4. Define a plan for recommended actions for risk mitigation
What is FMECA?
FMECA stands for Failure Mode, Effects, and Criticality Analysis. It is one of the unique types of FMEAs that helps to incorporate a specific criticality analysis in to the FMEA. Usually, the FMECAs are performed based on the MIL-STD-1629A standard that defines a well-known and widely accepted procedure for FMEA.
What is System FMEA?
System FMEA is nothing but a Functional FMEA. The system FMEAs helps to analyze the functions of a system. This approach helps to list out all the functions that the design needs to fulfil.
What is Software FMEA?
Software FMEAs are the FMEAs that are widely used in the software industries. The Software FMEAs are performed by analyzing the ways that a software can fail and what is the impact or what are the resulting effects of those failures are on the system.
What is Service FMEA?
Service FMEAs are those types of FMEAs that are widely used in the service industries. Service FMEAs can be uniquely used in order to analyze a service that you are going to plan or intended to provide or intended to create that fulfils the customer needs and expectations.
What is Manufacturing FMEA?
As the name itself suggests, the manufacturing FMEAs are the ones that are used in the manufacturing industries. The manufacturing FMEAs are also called as process FMEAs that helps to identify the potential failure modes and effects of failure in all of the manufacturing processes.
What is FMEA-MSR?
The FMEA-MSR stands for Failure Mode and Effects Analysis – Monitoring and System Response or Monitoring and System Response FMEA. These are the FMEAs that are introduced in the New AIAG & VDA FMEA Handbook, which allows you to analyze how a product will fail when in use by the customer. The main purpose of FMEA-MSRs is to keep products safe or ensure that they remain in compliance with regulations.
What is DRBFM?
The DRBFM stands for Design Review Based on Failure Mode. It is a one step further approach in FMEA which was introduced and developed by Toyota Motor Corporation. The DRBFM was developed based on the philosophy that design problems occur when changes are made to existing engineering designs that have already been proven successful.
DRBFM methodology was developed by Tatsuhiko Yoshimura, a Quality Expert and a professor at Japan’s Kyushu University. Yoshimura knew that design problems occur when changes are made without the proper level of supporting documentation. Using the philosophy of preventative measures (Mizenboushi), he created his own philosophy of DRBFM.

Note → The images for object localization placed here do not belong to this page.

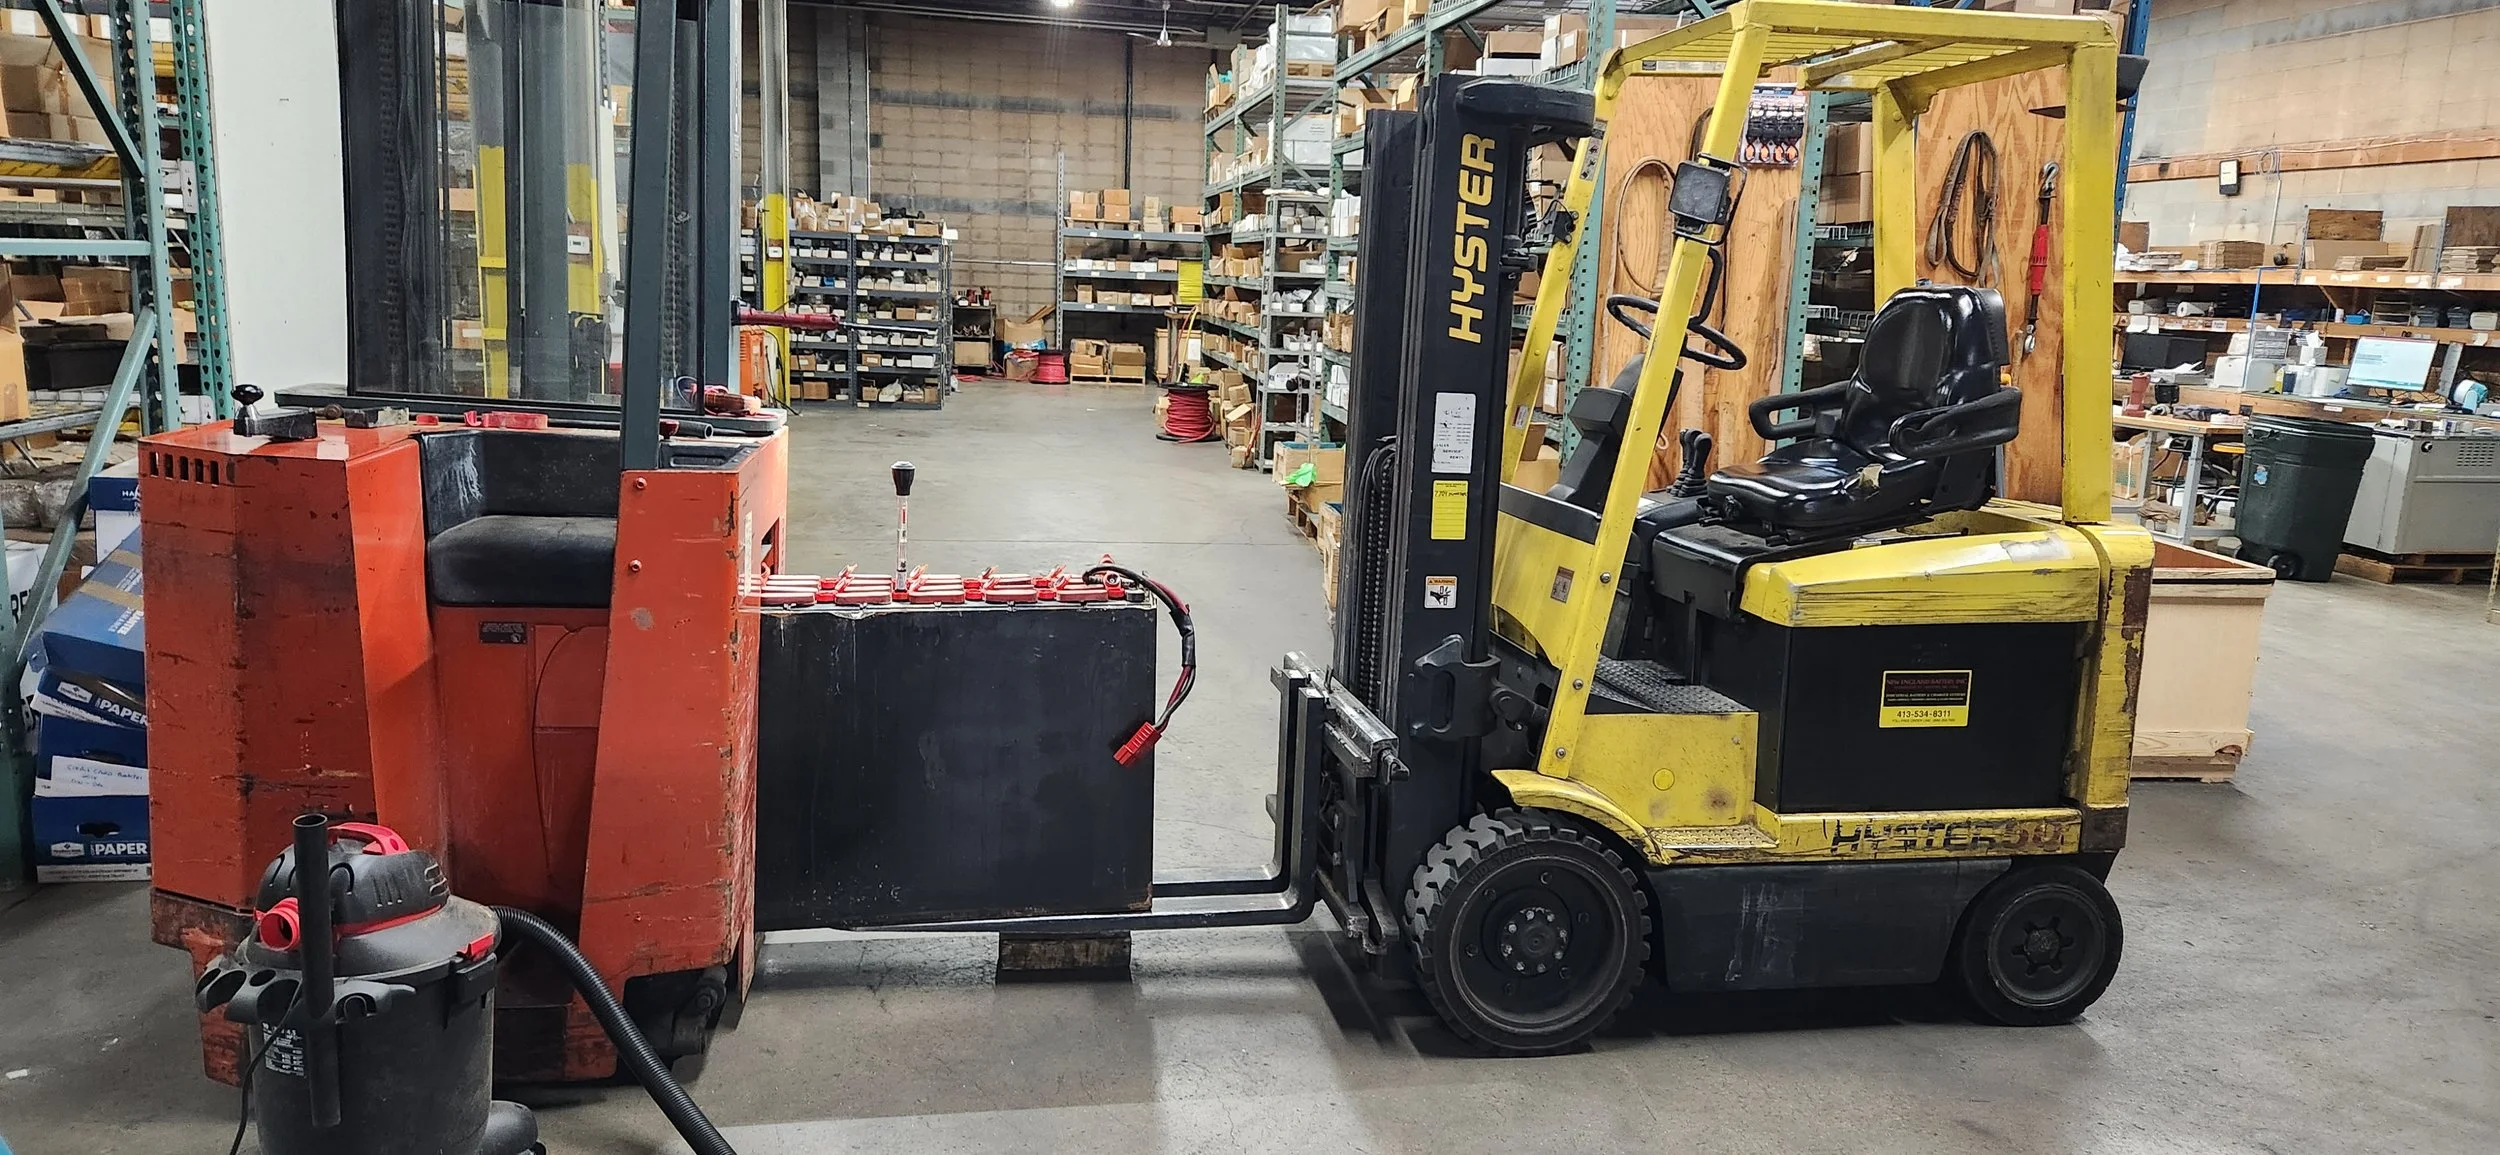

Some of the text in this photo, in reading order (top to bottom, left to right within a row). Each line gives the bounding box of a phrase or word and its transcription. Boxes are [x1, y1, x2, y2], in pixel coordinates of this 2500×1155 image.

[1448, 133, 1496, 344] HYSTER
[100, 698, 148, 726] PAPER
[1896, 710, 1951, 718] 413-534-8311
[95, 842, 148, 855] PAPER
[1830, 818, 1997, 854] HYSTER

The philosophy of DRBFM centers on three concepts:
1. Good design
2. Good discussion
3. Good dissection
The DRBFM methodology is now a recognized documented process by SAE (Society of Automotive Engineers) and also by AIAG (Automotive Industry Action Group).
Steps to Perform FMEA
FMEA is a systematic approach to identify potential failures and effects of failure. It should be followed as prescribed in the AIAG fourth edition FMEA manual or AIAG & VDA FMEA Handbook. It doesn’t matter what type of FMEA that you are going to perform, the steps to complete an FMEA remains the same across all FMEA types.
However, here are the common steps that one must follow to develop FMEA:
1. First, you break down your system, design, or process into its component elements – as granular or as high-level as you prefer.
2. From that point, you systematically go through each element and determine all the possible ways it can potentially fail.
3. For each failure, you analyze the effects and the likely causes of that failure.
4. You then proceed to rank each potential effect based on the risk criteria of your choosing. For example, you may consider such items as severity (how critical is it), its occurrence (how likely it is to occur), and detection (how likely it would detected). There are several standard methods to quantify risk level – such as RPN (Risk Priority Number) calculations that measure risk on a 1-1000 scale, and Criticality, which is a computed metric based on actual probability values. You can customize risk assessment criteria to best fit your needs.
5. Once the potential risk levels are ranked, you delve in to the important part of the analysis – determining how to minimize, detect, eliminate, or mitigate those you deem most critical. Typically, analysts then define a plan of recommended actions to implement in order to keep failure effect risks low.
6. You then go back and determine your revised risk levels based on completed action items to ensure you have met your risk goals.
When to Use FMEA?
The use of FMEA can be done anywhere in the world for any process, product, or a service. However, you can use the FMEA in the following cases:
· When a process, product, or service is being designed or redesigned, after quality function deployment (QFD)
· When an existing process, product, or service is being applied in a new way
· Before developing control plans for a new or modified process
· When improvement goals are planned for an existing process, product, or service
· When analyzing failures of an existing process, product, or service
· Periodically throughout the life of the process, product, or service
Ground Rules of FMEA
The ground rules of FMEA for each of the FMEA performed involves the following and are not limited to:
· A set of project selected procedures
· The assumptions on which the analysis is based on or performed on
· The hardware that has been included and excluded from the analysis
· The rationale of the exclusions
· Indenture level of the analysis
· The level in the hierarchy of the part to the sub-system, sub-system to the system, etc.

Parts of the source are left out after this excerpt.